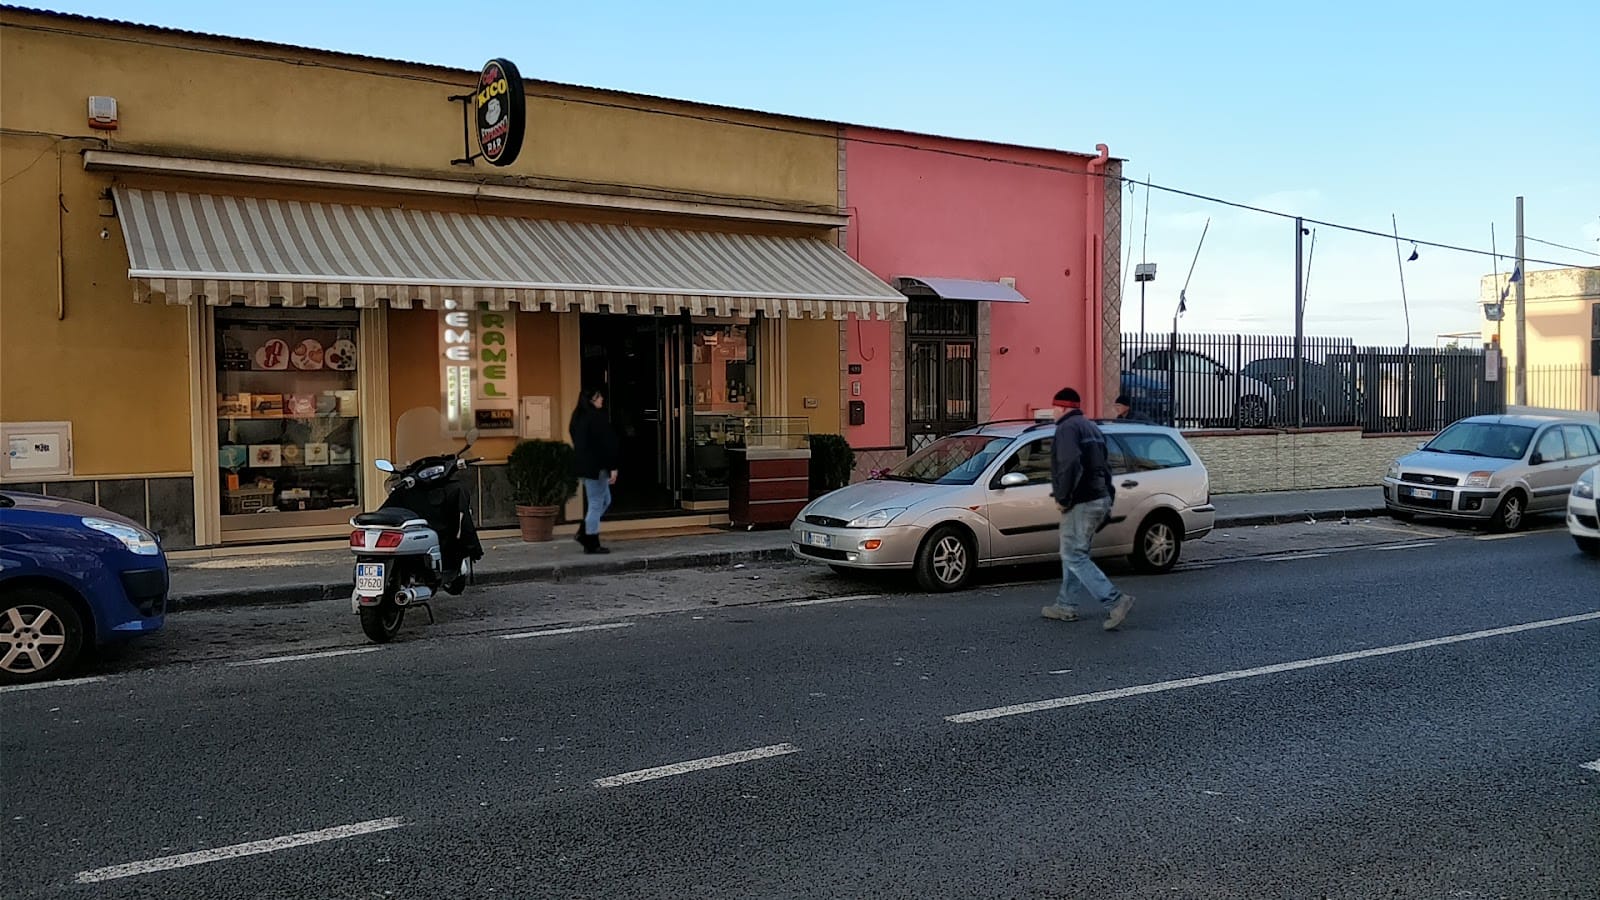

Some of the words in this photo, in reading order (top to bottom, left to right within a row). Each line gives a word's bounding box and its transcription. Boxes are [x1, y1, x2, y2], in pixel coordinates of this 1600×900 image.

[478, 78, 507, 109] KICO
[487, 138, 502, 155] BAR
[481, 302, 507, 396] RAMEL
[359, 578, 382, 588] 97620
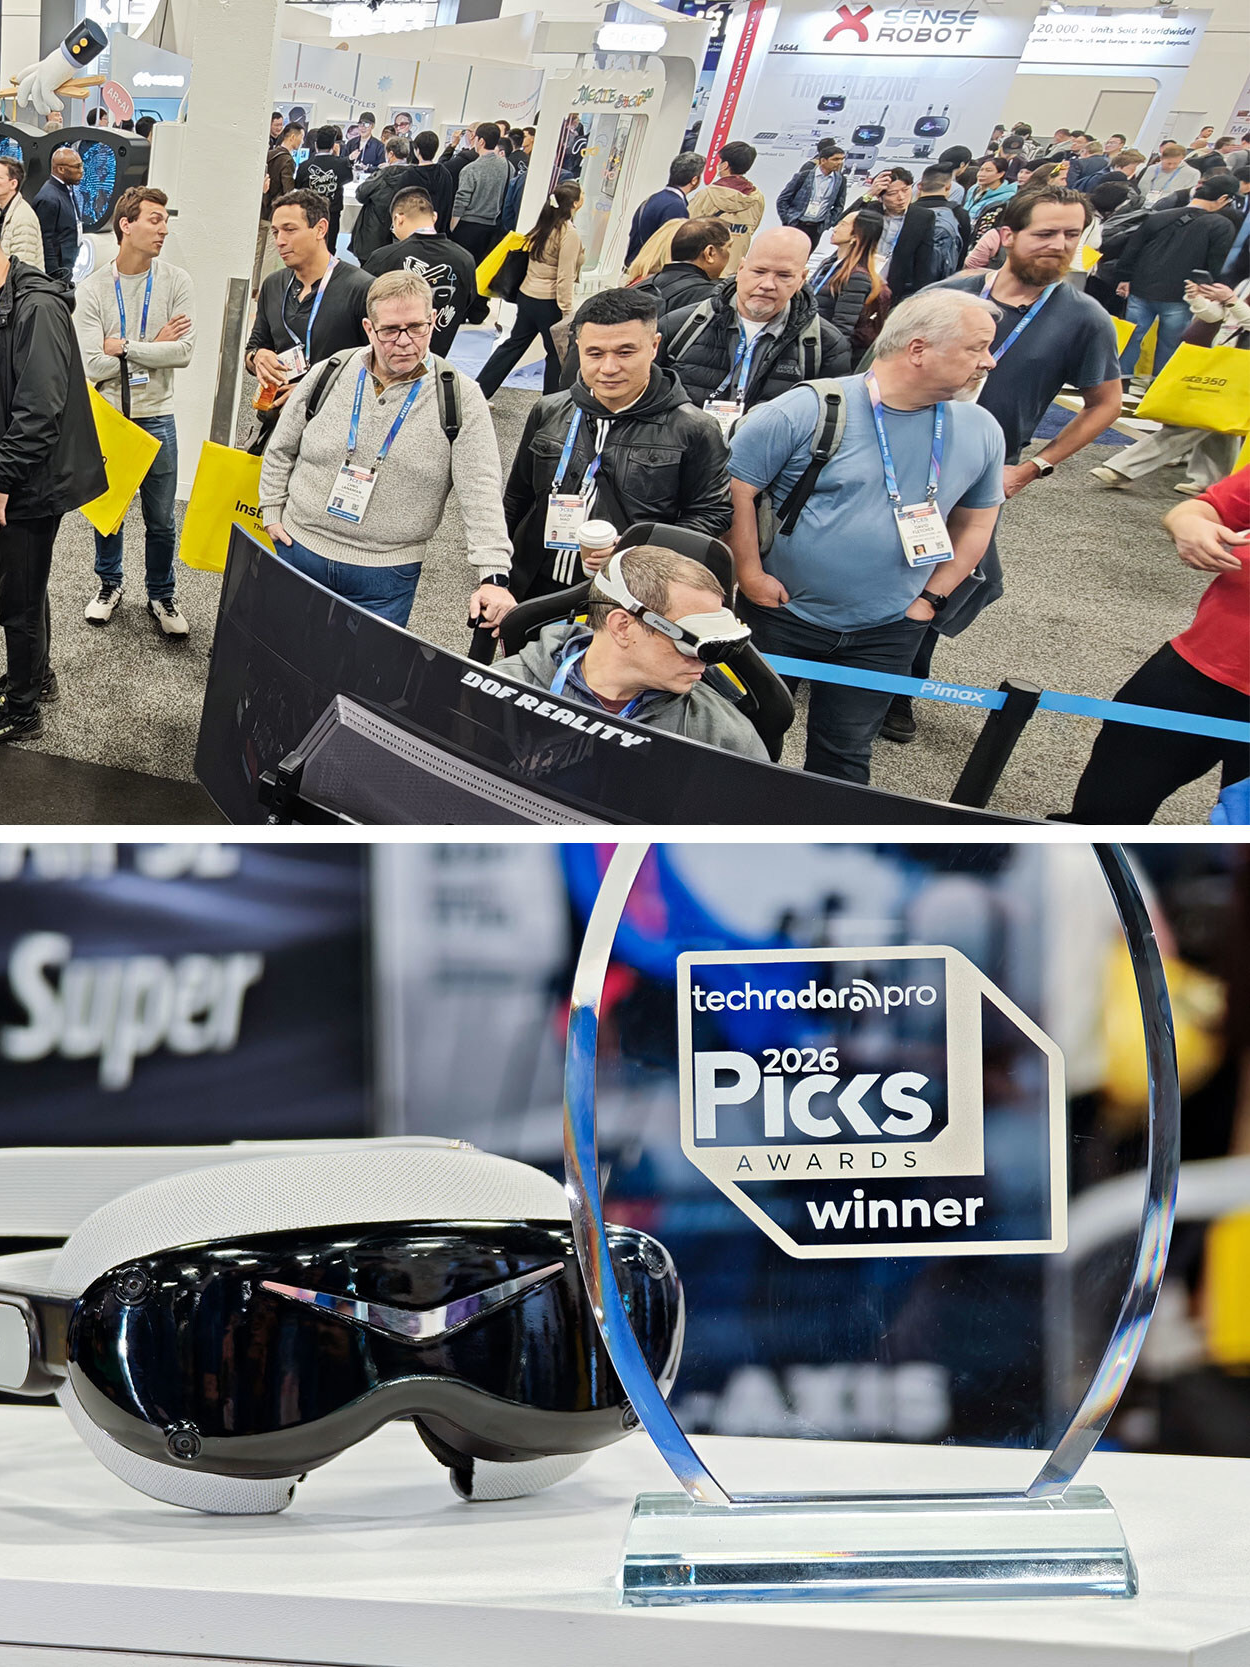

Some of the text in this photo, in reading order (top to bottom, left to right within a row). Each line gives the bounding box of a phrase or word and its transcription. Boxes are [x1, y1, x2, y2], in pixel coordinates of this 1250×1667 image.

[883, 9, 979, 26] SENSE
[773, 43, 799, 51] 14644
[876, 27, 972, 44] ROBOT
[106, 87, 131, 113] AR+AI
[333, 90, 377, 109] LIFESTYLES
[919, 681, 986, 703] Pimax
[460, 671, 647, 748] DOF REALITY
[691, 979, 938, 1015] techradar pro
[0, 930, 264, 1092] Super
[762, 1047, 840, 1074] 2026
[736, 1151, 918, 1172] AWARDS
[805, 1188, 984, 1230] winner

> **PROBLEM TO WORK ON**:
All of the lines above must be printed again exactly, and no picture may appear in the copy.

> **RESPONSE AREA**:
Some of the words in this photo, in reading order (top to bottom, left to right within a row). Each line gives a word's bounding box and its transcription. Boxes are [x1, y1, x2, y2], in pixel coordinates of this 1600×900 image.

[478, 78, 507, 109] KICO
[487, 138, 502, 155] BAR
[481, 302, 507, 396] RAMEL
[359, 578, 382, 588] 97620

Some of the text in this photo, in reading order (top to bottom, left to right within a row). Each line gives the bounding box of a phrase or word and its transcription. Boxes are [x1, y1, x2, y2], in pixel coordinates of this 1250×1667 image.

[883, 9, 979, 26] SENSE
[773, 43, 799, 51] 14644
[876, 27, 972, 44] ROBOT
[106, 87, 131, 113] AR+AI
[333, 90, 377, 109] LIFESTYLES
[919, 681, 986, 703] Pimax
[460, 671, 647, 748] DOF REALITY
[691, 979, 938, 1015] techradar pro
[0, 930, 264, 1092] Super
[762, 1047, 840, 1074] 2026
[736, 1151, 918, 1172] AWARDS
[805, 1188, 984, 1230] winner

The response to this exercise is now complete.